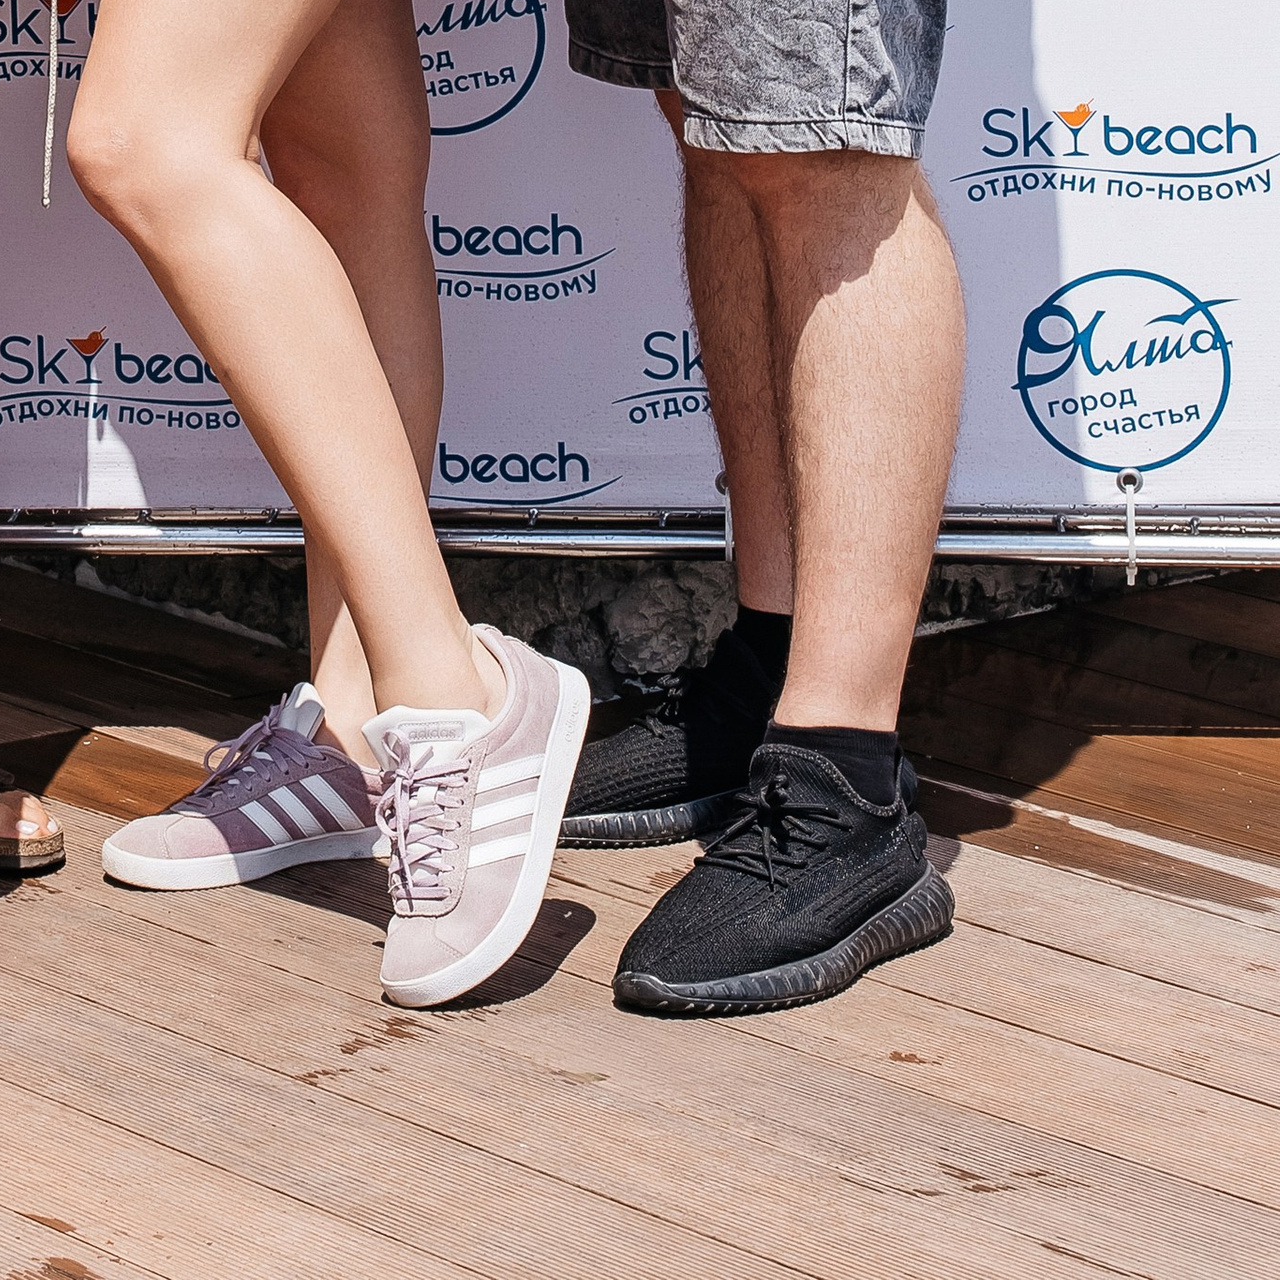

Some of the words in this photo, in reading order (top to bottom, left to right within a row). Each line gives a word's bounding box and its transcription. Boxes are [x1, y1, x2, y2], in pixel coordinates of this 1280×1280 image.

[424, 64, 517, 98] частья
[1103, 112, 1257, 156] beach
[431, 212, 583, 257] beach
[117, 405, 241, 431] по-ново
[1047, 388, 1138, 424] город
[1087, 404, 1201, 439] счастья
[438, 441, 591, 486] beach
[407, 726, 457, 740] adidas
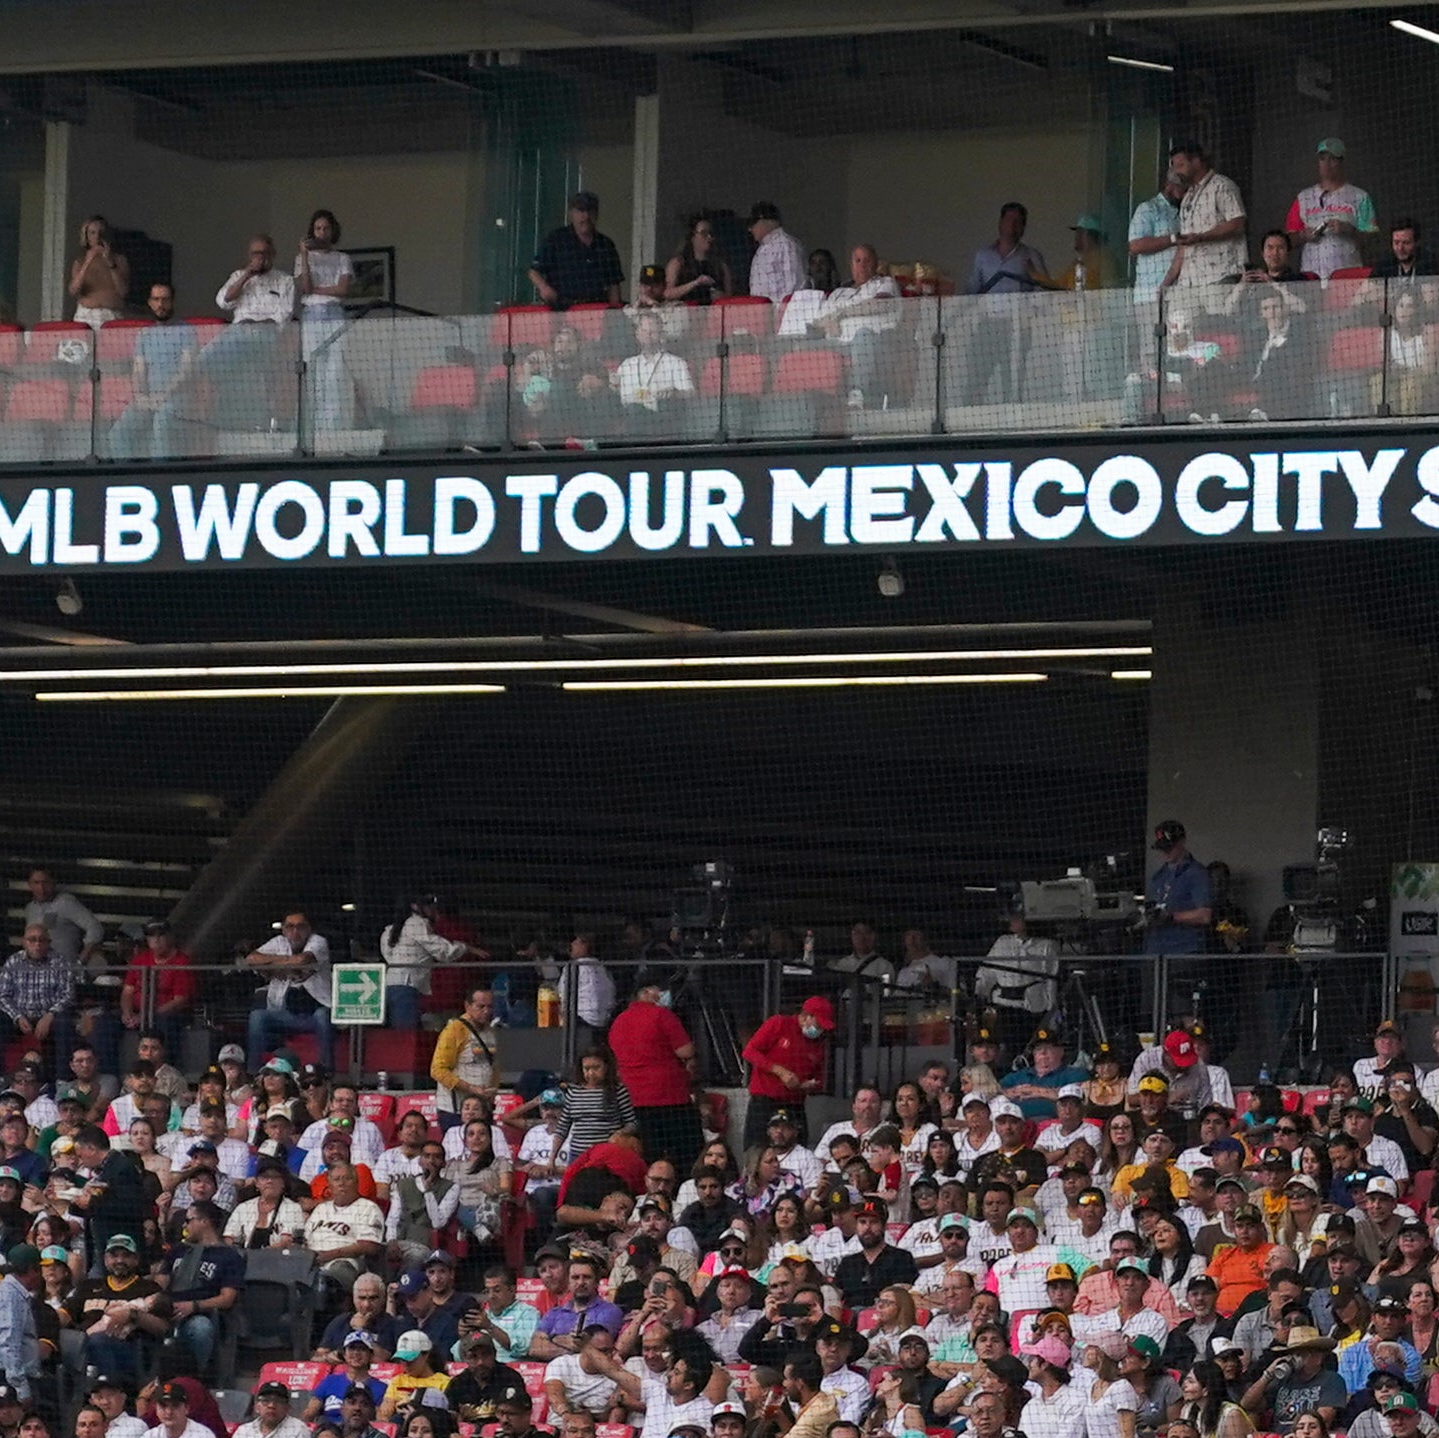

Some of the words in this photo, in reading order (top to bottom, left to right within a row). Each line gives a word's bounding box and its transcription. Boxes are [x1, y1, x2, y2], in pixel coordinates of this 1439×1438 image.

[173, 476, 495, 562] WORLD
[770, 455, 1163, 548] MEXICO
[1175, 449, 1405, 536] CITY
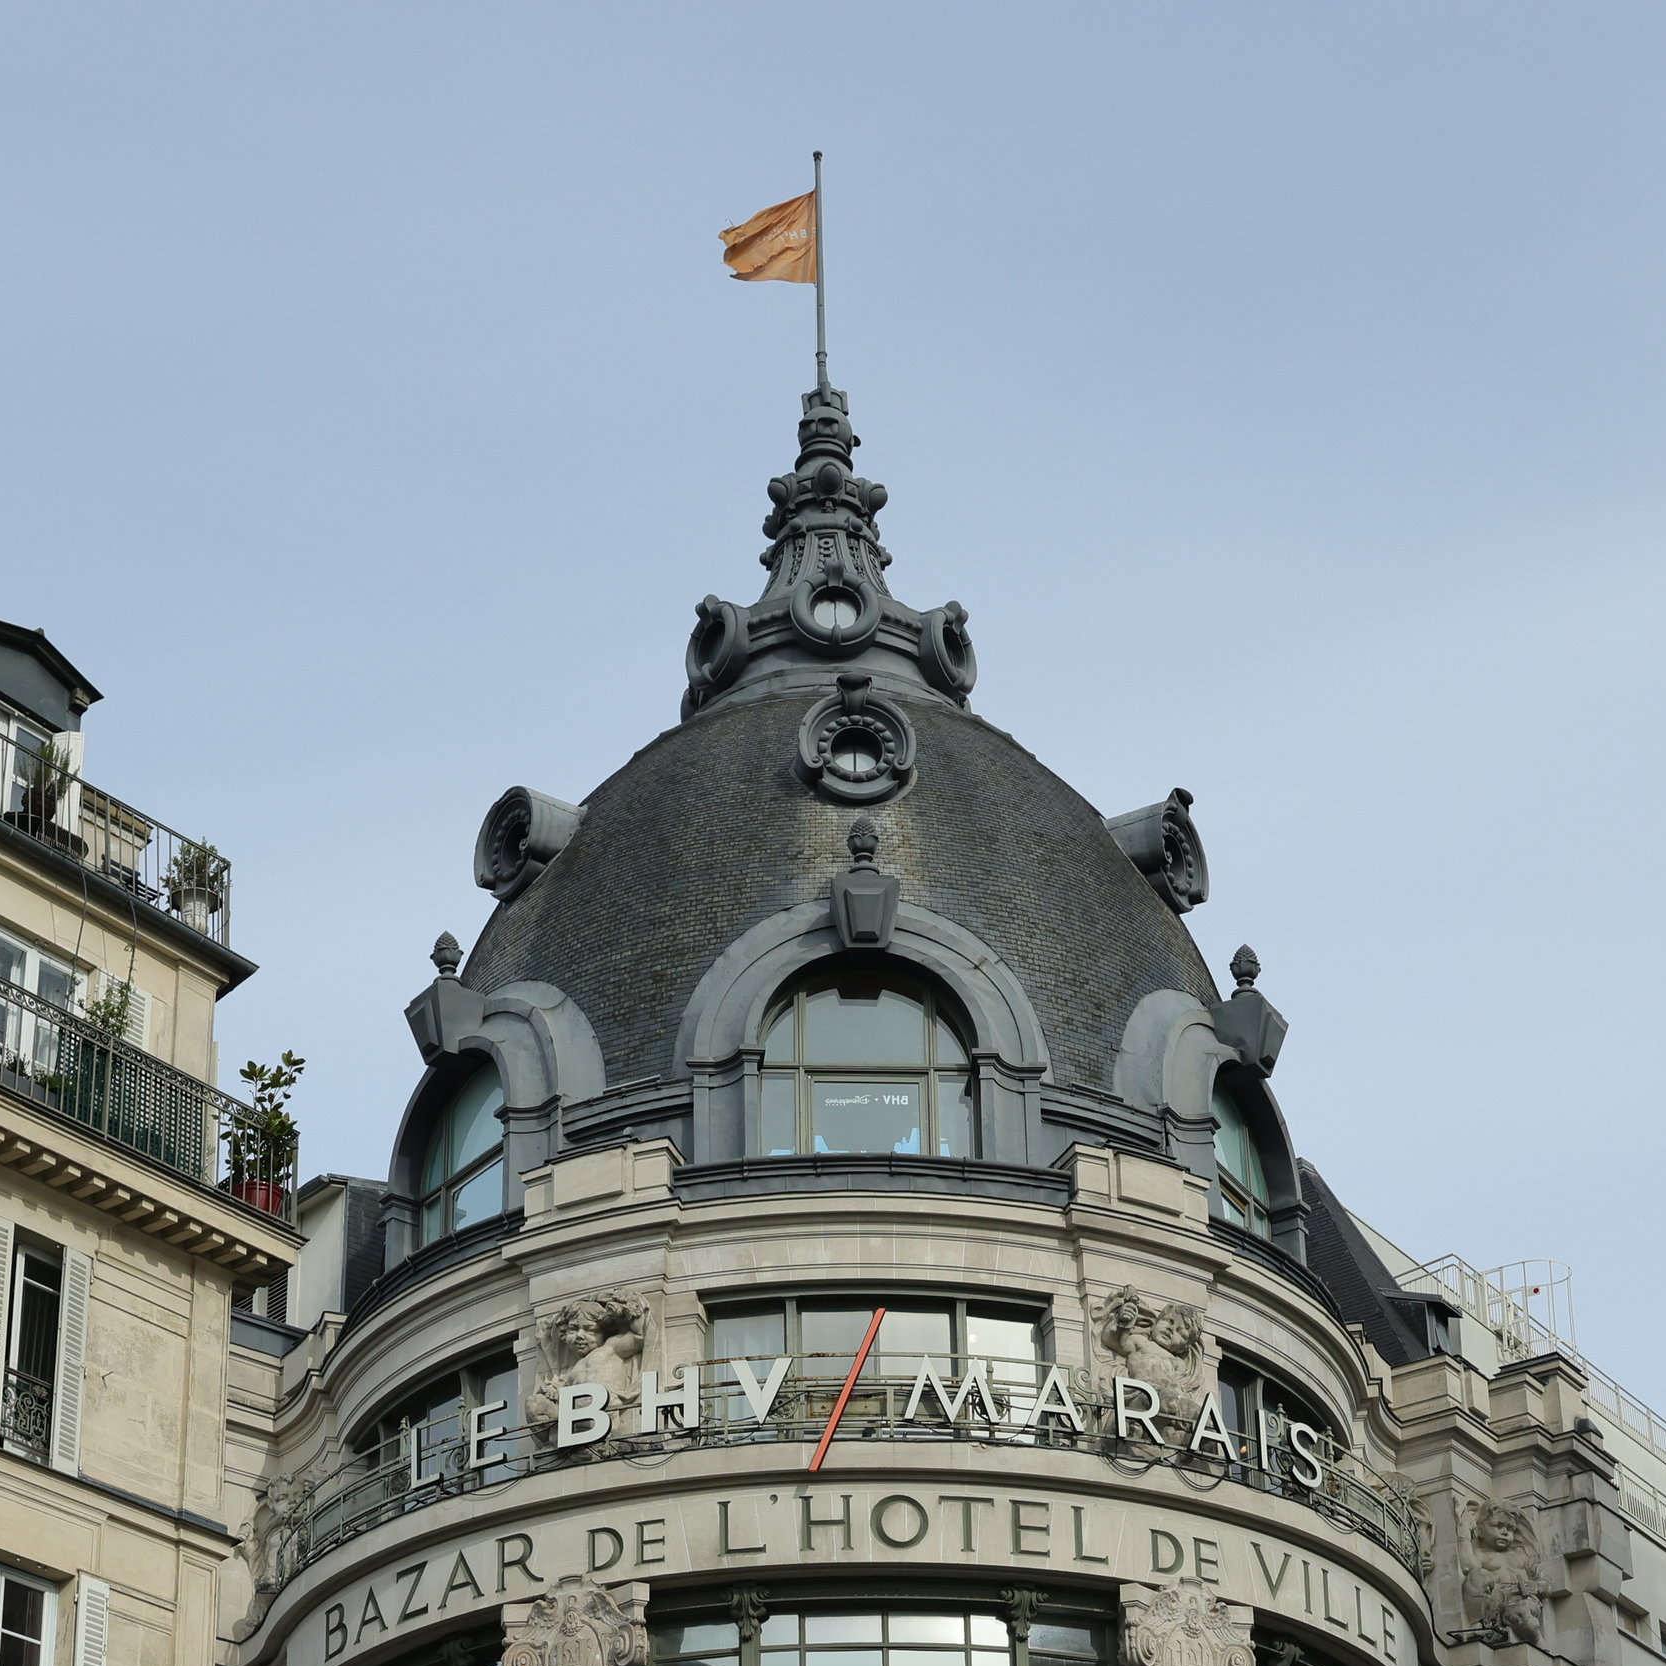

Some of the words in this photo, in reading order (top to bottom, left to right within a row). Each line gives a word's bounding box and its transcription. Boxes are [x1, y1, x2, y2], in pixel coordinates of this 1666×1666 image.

[409, 1399, 508, 1488] LE
[558, 1357, 792, 1451] BHV
[906, 1355, 1326, 1488] MARAIS
[323, 1533, 542, 1665] BAZAR
[586, 1518, 667, 1573] DE
[1150, 1528, 1223, 1586] DE
[1251, 1539, 1398, 1665] VILLE
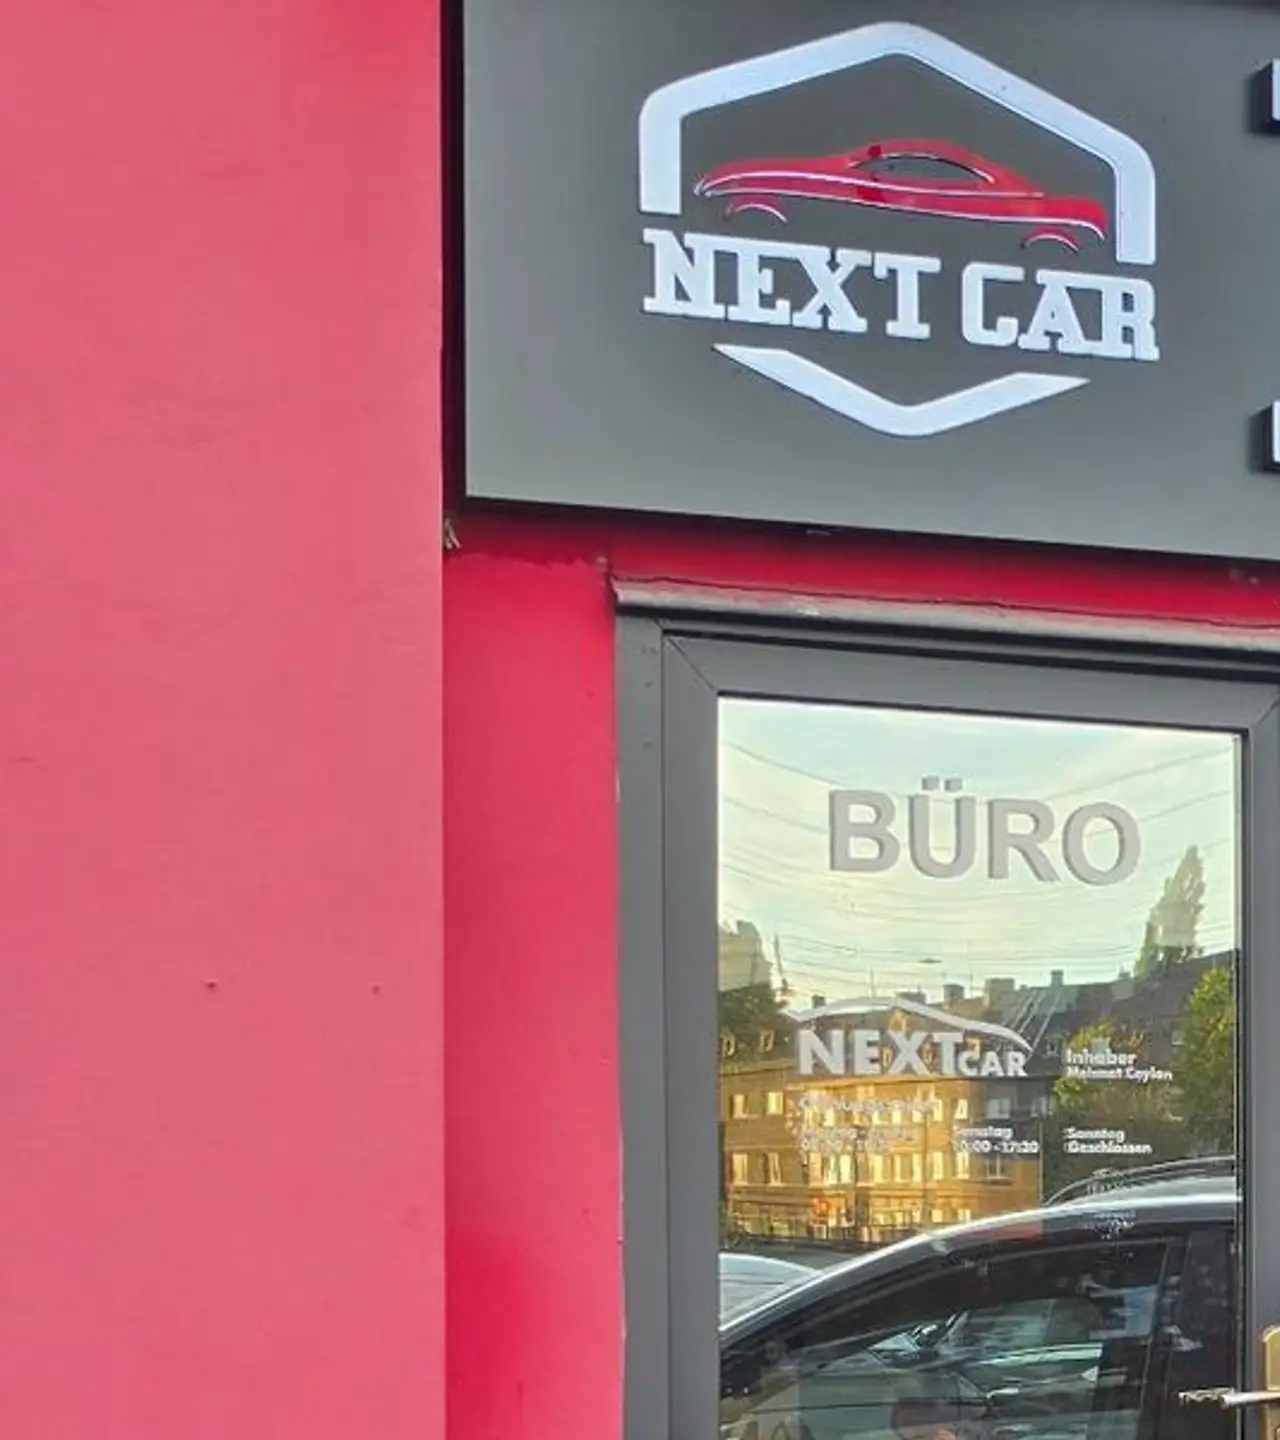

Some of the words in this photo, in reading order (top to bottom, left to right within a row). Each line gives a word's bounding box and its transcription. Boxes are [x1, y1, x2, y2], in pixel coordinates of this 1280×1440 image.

[642, 228, 941, 340] NEXT
[960, 261, 1160, 361] CAR
[828, 774, 1142, 887] BÜRO
[1066, 1048, 1138, 1066] Inhaber

====

To do » Your task is to retype all the entries exactly and leave out any pictures.

Expected answer »
Some of the words in this photo, in reading order (top to bottom, left to right within a row). Each line gives a word's bounding box and its transcription. Boxes are [x1, y1, x2, y2], in pixel coordinates of this 1280×1280 image.

[424, 64, 517, 98] частья
[1103, 112, 1257, 156] beach
[431, 212, 583, 257] beach
[117, 405, 241, 431] по-ново
[1047, 388, 1138, 424] город
[1087, 404, 1201, 439] счастья
[438, 441, 591, 486] beach
[407, 726, 457, 740] adidas

Some of the words in this photo, in reading order (top to bottom, left to right within a row). Each line gives a word's bounding box and its transcription. Boxes are [x1, y1, x2, y2], in pixel coordinates of this 1439×1438 image.

[173, 476, 495, 562] WORLD
[770, 455, 1163, 548] MEXICO
[1175, 449, 1405, 536] CITY

Some of the words in this photo, in reading order (top to bottom, left to right within a row). Each line gives a word's bounding box and its transcription. Boxes are [x1, y1, x2, y2], in pixel coordinates of this 1666×1666 image.

[409, 1399, 508, 1488] LE
[558, 1357, 792, 1451] BHV
[906, 1355, 1326, 1488] MARAIS
[323, 1533, 542, 1665] BAZAR
[586, 1518, 667, 1573] DE
[1150, 1528, 1223, 1586] DE
[1251, 1539, 1398, 1665] VILLE

Some of the words in this photo, in reading order (top to bottom, left to right within a row). Each line gives a word's bounding box and its transcription. Boxes are [x1, y1, x2, y2], in pixel coordinates of this 1280×1440 image.

[642, 228, 941, 340] NEXT
[960, 261, 1160, 361] CAR
[828, 774, 1142, 887] BÜRO
[1066, 1048, 1138, 1066] Inhaber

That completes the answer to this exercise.